### What you are asked to do
Would you please write out each entry precisely as given?

### Extracted entries
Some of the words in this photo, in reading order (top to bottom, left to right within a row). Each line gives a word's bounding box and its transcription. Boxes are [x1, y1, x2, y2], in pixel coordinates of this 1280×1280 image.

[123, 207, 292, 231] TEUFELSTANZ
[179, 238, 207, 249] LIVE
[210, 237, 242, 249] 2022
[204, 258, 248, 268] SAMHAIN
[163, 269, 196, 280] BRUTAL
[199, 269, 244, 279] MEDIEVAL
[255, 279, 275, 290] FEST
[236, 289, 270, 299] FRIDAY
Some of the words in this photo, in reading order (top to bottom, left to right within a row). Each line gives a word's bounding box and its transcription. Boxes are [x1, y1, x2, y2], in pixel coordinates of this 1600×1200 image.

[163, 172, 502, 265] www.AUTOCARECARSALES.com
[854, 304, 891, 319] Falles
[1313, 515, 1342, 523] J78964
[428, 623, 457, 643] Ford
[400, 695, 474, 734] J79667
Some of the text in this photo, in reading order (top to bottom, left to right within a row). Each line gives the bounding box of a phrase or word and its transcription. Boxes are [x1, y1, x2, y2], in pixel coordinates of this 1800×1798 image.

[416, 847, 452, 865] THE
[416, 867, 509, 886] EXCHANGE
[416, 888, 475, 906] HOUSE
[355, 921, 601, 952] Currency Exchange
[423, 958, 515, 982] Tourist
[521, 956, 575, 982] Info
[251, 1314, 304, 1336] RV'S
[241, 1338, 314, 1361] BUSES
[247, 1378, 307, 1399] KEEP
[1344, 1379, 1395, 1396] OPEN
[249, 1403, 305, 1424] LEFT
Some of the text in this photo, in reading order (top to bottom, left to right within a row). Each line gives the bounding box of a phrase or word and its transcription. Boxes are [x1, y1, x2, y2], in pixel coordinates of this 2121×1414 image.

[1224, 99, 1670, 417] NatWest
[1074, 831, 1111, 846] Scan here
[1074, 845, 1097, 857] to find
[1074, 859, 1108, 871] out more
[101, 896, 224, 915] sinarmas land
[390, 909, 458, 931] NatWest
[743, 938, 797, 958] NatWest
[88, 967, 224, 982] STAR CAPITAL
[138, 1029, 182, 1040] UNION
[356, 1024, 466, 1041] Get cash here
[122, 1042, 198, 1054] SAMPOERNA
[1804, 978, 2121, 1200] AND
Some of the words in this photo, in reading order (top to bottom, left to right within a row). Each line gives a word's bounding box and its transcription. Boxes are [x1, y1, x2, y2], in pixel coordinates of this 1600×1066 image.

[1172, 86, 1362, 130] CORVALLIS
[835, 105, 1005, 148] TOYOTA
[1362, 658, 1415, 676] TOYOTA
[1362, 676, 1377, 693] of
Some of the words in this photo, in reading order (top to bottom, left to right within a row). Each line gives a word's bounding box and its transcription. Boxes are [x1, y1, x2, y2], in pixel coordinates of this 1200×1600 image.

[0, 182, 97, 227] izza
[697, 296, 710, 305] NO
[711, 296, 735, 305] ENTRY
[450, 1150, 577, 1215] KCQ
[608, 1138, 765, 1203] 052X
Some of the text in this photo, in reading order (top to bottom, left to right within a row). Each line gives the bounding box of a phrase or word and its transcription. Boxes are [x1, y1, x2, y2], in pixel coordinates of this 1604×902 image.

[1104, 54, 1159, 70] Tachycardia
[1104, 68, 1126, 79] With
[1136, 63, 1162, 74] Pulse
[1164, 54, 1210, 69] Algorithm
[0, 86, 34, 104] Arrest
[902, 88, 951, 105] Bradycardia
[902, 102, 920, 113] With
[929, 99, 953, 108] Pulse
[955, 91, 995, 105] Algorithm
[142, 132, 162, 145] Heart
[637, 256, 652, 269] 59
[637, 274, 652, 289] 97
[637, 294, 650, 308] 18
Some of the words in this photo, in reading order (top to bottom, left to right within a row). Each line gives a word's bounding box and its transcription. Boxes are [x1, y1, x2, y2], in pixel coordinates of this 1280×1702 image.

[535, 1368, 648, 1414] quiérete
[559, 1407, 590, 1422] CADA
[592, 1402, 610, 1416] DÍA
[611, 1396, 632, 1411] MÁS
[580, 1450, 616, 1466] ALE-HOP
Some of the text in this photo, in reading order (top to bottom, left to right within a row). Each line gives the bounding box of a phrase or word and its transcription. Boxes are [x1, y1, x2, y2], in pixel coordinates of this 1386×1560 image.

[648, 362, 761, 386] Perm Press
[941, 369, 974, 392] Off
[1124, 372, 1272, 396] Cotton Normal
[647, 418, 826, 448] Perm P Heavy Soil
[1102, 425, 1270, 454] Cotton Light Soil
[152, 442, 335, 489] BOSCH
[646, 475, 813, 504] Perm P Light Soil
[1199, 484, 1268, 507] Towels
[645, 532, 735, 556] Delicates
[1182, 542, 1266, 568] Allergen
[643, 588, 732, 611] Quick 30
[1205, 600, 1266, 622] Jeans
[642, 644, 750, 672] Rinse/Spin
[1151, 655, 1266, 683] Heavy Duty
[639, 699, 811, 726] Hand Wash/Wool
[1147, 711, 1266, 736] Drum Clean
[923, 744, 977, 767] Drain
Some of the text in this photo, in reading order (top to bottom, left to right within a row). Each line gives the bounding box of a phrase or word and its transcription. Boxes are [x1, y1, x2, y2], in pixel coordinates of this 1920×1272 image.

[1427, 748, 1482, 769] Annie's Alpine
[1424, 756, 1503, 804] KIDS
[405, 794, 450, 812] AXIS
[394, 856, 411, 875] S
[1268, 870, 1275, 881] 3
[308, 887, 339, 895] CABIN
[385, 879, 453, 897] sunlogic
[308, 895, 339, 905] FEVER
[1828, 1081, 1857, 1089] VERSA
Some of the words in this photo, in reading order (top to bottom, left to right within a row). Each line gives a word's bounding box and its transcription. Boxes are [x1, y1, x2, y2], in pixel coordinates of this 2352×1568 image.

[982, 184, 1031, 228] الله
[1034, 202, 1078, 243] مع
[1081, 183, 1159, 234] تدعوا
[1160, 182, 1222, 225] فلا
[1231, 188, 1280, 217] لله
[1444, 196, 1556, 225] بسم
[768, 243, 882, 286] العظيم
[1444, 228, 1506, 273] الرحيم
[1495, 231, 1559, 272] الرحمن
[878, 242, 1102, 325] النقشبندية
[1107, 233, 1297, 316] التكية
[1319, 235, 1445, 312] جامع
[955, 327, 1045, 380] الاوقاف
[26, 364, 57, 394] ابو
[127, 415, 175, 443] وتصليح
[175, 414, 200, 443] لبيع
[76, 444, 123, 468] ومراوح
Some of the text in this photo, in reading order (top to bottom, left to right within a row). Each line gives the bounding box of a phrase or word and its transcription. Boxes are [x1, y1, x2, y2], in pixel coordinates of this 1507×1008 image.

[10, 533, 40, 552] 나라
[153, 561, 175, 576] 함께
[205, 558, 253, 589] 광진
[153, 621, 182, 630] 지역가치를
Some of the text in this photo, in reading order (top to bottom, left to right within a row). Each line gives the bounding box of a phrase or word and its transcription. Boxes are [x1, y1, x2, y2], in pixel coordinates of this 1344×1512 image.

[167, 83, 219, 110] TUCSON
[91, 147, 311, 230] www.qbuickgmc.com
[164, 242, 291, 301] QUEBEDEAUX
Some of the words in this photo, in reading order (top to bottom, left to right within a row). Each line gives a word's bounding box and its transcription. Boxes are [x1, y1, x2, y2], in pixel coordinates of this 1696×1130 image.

### Response to this exercise
Some of the words in this photo, in reading order (top to bottom, left to right within a row). Each line gives a word's bounding box and its transcription. Boxes are [x1, y1, x2, y2], in pixel coordinates of this 1280×1280 image.

[123, 207, 292, 231] TEUFELSTANZ
[179, 238, 207, 249] LIVE
[210, 237, 242, 249] 2022
[204, 258, 248, 268] SAMHAIN
[163, 269, 196, 280] BRUTAL
[199, 269, 244, 279] MEDIEVAL
[255, 279, 275, 290] FEST
[236, 289, 270, 299] FRIDAY
Some of the words in this photo, in reading order (top to bottom, left to right within a row). Each line gives a word's bounding box and its transcription. Boxes are [x1, y1, x2, y2], in pixel coordinates of this 1600×1200 image.

[163, 172, 502, 265] www.AUTOCARECARSALES.com
[854, 304, 891, 319] Falles
[1313, 515, 1342, 523] J78964
[428, 623, 457, 643] Ford
[400, 695, 474, 734] J79667
Some of the text in this photo, in reading order (top to bottom, left to right within a row). Each line gives the bounding box of a phrase or word and its transcription. Boxes are [x1, y1, x2, y2], in pixel coordinates of this 1800×1798 image.

[416, 847, 452, 865] THE
[416, 867, 509, 886] EXCHANGE
[416, 888, 475, 906] HOUSE
[355, 921, 601, 952] Currency Exchange
[423, 958, 515, 982] Tourist
[521, 956, 575, 982] Info
[251, 1314, 304, 1336] RV'S
[241, 1338, 314, 1361] BUSES
[247, 1378, 307, 1399] KEEP
[1344, 1379, 1395, 1396] OPEN
[249, 1403, 305, 1424] LEFT
Some of the text in this photo, in reading order (top to bottom, left to right within a row). Each line gives the bounding box of a phrase or word and its transcription. Boxes are [x1, y1, x2, y2], in pixel coordinates of this 2121×1414 image.

[1224, 99, 1670, 417] NatWest
[1074, 831, 1111, 846] Scan here
[1074, 845, 1097, 857] to find
[1074, 859, 1108, 871] out more
[101, 896, 224, 915] sinarmas land
[390, 909, 458, 931] NatWest
[743, 938, 797, 958] NatWest
[88, 967, 224, 982] STAR CAPITAL
[138, 1029, 182, 1040] UNION
[356, 1024, 466, 1041] Get cash here
[122, 1042, 198, 1054] SAMPOERNA
[1804, 978, 2121, 1200] AND
Some of the words in this photo, in reading order (top to bottom, left to right within a row). Each line gives a word's bounding box and its transcription. Boxes are [x1, y1, x2, y2], in pixel coordinates of this 1600×1066 image.

[1172, 86, 1362, 130] CORVALLIS
[835, 105, 1005, 148] TOYOTA
[1362, 658, 1415, 676] TOYOTA
[1362, 676, 1377, 693] of
Some of the words in this photo, in reading order (top to bottom, left to right within a row). Each line gives a word's bounding box and its transcription. Boxes are [x1, y1, x2, y2], in pixel coordinates of this 1200×1600 image.

[0, 182, 97, 227] izza
[697, 296, 710, 305] NO
[711, 296, 735, 305] ENTRY
[450, 1150, 577, 1215] KCQ
[608, 1138, 765, 1203] 052X
Some of the text in this photo, in reading order (top to bottom, left to right within a row). Each line gives the bounding box of a phrase or word and its transcription. Boxes are [x1, y1, x2, y2], in pixel coordinates of this 1604×902 image.

[1104, 54, 1159, 70] Tachycardia
[1104, 68, 1126, 79] With
[1136, 63, 1162, 74] Pulse
[1164, 54, 1210, 69] Algorithm
[0, 86, 34, 104] Arrest
[902, 88, 951, 105] Bradycardia
[902, 102, 920, 113] With
[929, 99, 953, 108] Pulse
[955, 91, 995, 105] Algorithm
[142, 132, 162, 145] Heart
[637, 256, 652, 269] 59
[637, 274, 652, 289] 97
[637, 294, 650, 308] 18
Some of the words in this photo, in reading order (top to bottom, left to right within a row). Each line gives a word's bounding box and its transcription. Boxes are [x1, y1, x2, y2], in pixel coordinates of this 1280×1702 image.

[535, 1368, 648, 1414] quiérete
[559, 1407, 590, 1422] CADA
[592, 1402, 610, 1416] DÍA
[611, 1396, 632, 1411] MÁS
[580, 1450, 616, 1466] ALE-HOP
Some of the text in this photo, in reading order (top to bottom, left to right within a row). Each line gives the bounding box of a phrase or word and its transcription. Boxes are [x1, y1, x2, y2], in pixel coordinates of this 1386×1560 image.

[648, 362, 761, 386] Perm Press
[941, 369, 974, 392] Off
[1124, 372, 1272, 396] Cotton Normal
[647, 418, 826, 448] Perm P Heavy Soil
[1102, 425, 1270, 454] Cotton Light Soil
[152, 442, 335, 489] BOSCH
[646, 475, 813, 504] Perm P Light Soil
[1199, 484, 1268, 507] Towels
[645, 532, 735, 556] Delicates
[1182, 542, 1266, 568] Allergen
[643, 588, 732, 611] Quick 30
[1205, 600, 1266, 622] Jeans
[642, 644, 750, 672] Rinse/Spin
[1151, 655, 1266, 683] Heavy Duty
[639, 699, 811, 726] Hand Wash/Wool
[1147, 711, 1266, 736] Drum Clean
[923, 744, 977, 767] Drain
Some of the text in this photo, in reading order (top to bottom, left to right within a row). Each line gives the bounding box of a phrase or word and its transcription. Boxes are [x1, y1, x2, y2], in pixel coordinates of this 1920×1272 image.

[1427, 748, 1482, 769] Annie's Alpine
[1424, 756, 1503, 804] KIDS
[405, 794, 450, 812] AXIS
[394, 856, 411, 875] S
[1268, 870, 1275, 881] 3
[308, 887, 339, 895] CABIN
[385, 879, 453, 897] sunlogic
[308, 895, 339, 905] FEVER
[1828, 1081, 1857, 1089] VERSA
Some of the words in this photo, in reading order (top to bottom, left to right within a row). Each line gives a word's bounding box and its transcription. Boxes are [x1, y1, x2, y2], in pixel coordinates of this 2352×1568 image.

[982, 184, 1031, 228] الله
[1034, 202, 1078, 243] مع
[1081, 183, 1159, 234] تدعوا
[1160, 182, 1222, 225] فلا
[1231, 188, 1280, 217] لله
[1444, 196, 1556, 225] بسم
[768, 243, 882, 286] العظيم
[1444, 228, 1506, 273] الرحيم
[1495, 231, 1559, 272] الرحمن
[878, 242, 1102, 325] النقشبندية
[1107, 233, 1297, 316] التكية
[1319, 235, 1445, 312] جامع
[955, 327, 1045, 380] الاوقاف
[26, 364, 57, 394] ابو
[127, 415, 175, 443] وتصليح
[175, 414, 200, 443] لبيع
[76, 444, 123, 468] ومراوح
Some of the text in this photo, in reading order (top to bottom, left to right within a row). Each line gives the bounding box of a phrase or word and its transcription. Boxes are [x1, y1, x2, y2], in pixel coordinates of this 1507×1008 image.

[10, 533, 40, 552] 나라
[153, 561, 175, 576] 함께
[205, 558, 253, 589] 광진
[153, 621, 182, 630] 지역가치를
Some of the text in this photo, in reading order (top to bottom, left to right within a row). Each line gives the bounding box of a phrase or word and its transcription. Boxes are [x1, y1, x2, y2], in pixel coordinates of this 1344×1512 image.

[167, 83, 219, 110] TUCSON
[91, 147, 311, 230] www.qbuickgmc.com
[164, 242, 291, 301] QUEBEDEAUX
Some of the words in this photo, in reading order (top to bottom, left to right within a row). Each line gives a word's bounding box and its transcription. Boxes are [x1, y1, x2, y2], in pixel coordinates of this 1696×1130 image.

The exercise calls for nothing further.